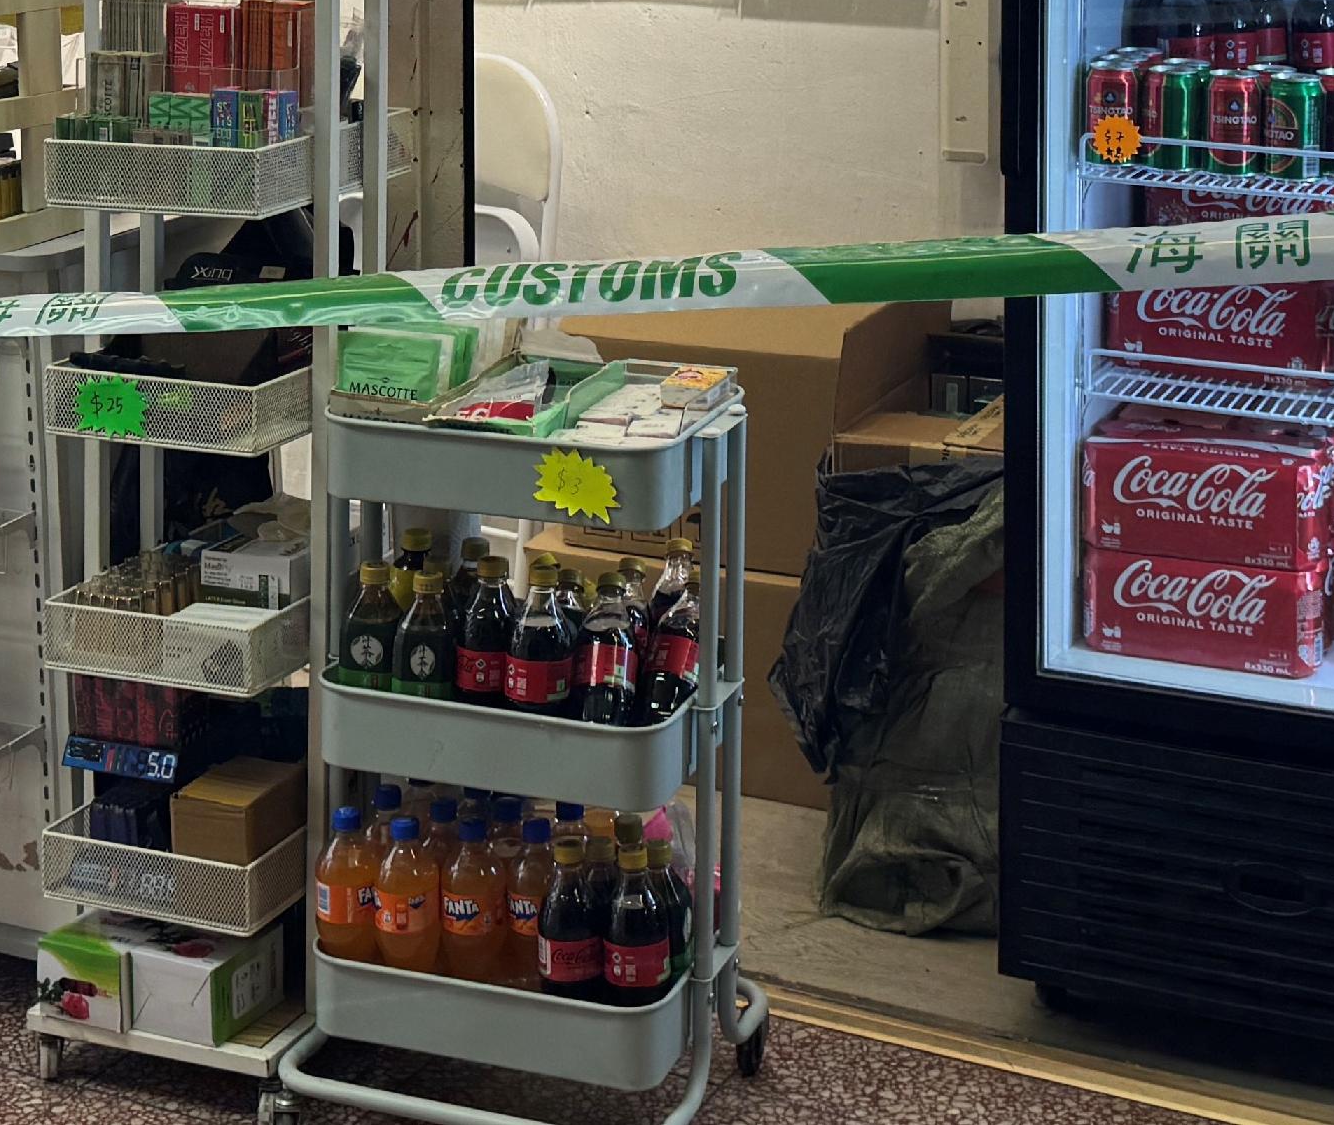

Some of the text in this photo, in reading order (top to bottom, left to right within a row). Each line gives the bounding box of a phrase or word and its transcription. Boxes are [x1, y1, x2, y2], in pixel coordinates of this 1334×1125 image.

[1089, 105, 1133, 117] TSINGTAO
[1212, 114, 1258, 125] TSINGTAO
[1126, 218, 1313, 273] 海關
[441, 251, 744, 307] CUSTOMS
[1137, 284, 1297, 339] Coca-Cola
[1158, 326, 1274, 349] ORIGINAL TASTE
[349, 382, 418, 401] MASCOTTE
[90, 392, 124, 417] $25
[557, 467, 582, 495] $3
[1114, 455, 1278, 518] Coca-Cola
[1136, 506, 1254, 529] ORIGINAL TASTE
[1114, 559, 1277, 624] Coca-Cola
[1136, 611, 1254, 636] ORIGINAL TASTE
[148, 751, 176, 779] 5.0
[444, 898, 480, 916] FANTA
= = =
**ACTIVITY:**
Give every record back exactly as it reads, with no images.

**RESPONSE BELOW:**
Some of the text in this photo, in reading order (top to bottom, left to right within a row). Each line gives the bounding box of a phrase or word and its transcription. Boxes are [x1, y1, x2, y2], in pixel coordinates of this 1334×1125 image.

[1089, 105, 1133, 117] TSINGTAO
[1212, 114, 1258, 125] TSINGTAO
[1126, 218, 1313, 273] 海關
[441, 251, 744, 307] CUSTOMS
[1137, 284, 1297, 339] Coca-Cola
[1158, 326, 1274, 349] ORIGINAL TASTE
[349, 382, 418, 401] MASCOTTE
[90, 392, 124, 417] $25
[557, 467, 582, 495] $3
[1114, 455, 1278, 518] Coca-Cola
[1136, 506, 1254, 529] ORIGINAL TASTE
[1114, 559, 1277, 624] Coca-Cola
[1136, 611, 1254, 636] ORIGINAL TASTE
[148, 751, 176, 779] 5.0
[444, 898, 480, 916] FANTA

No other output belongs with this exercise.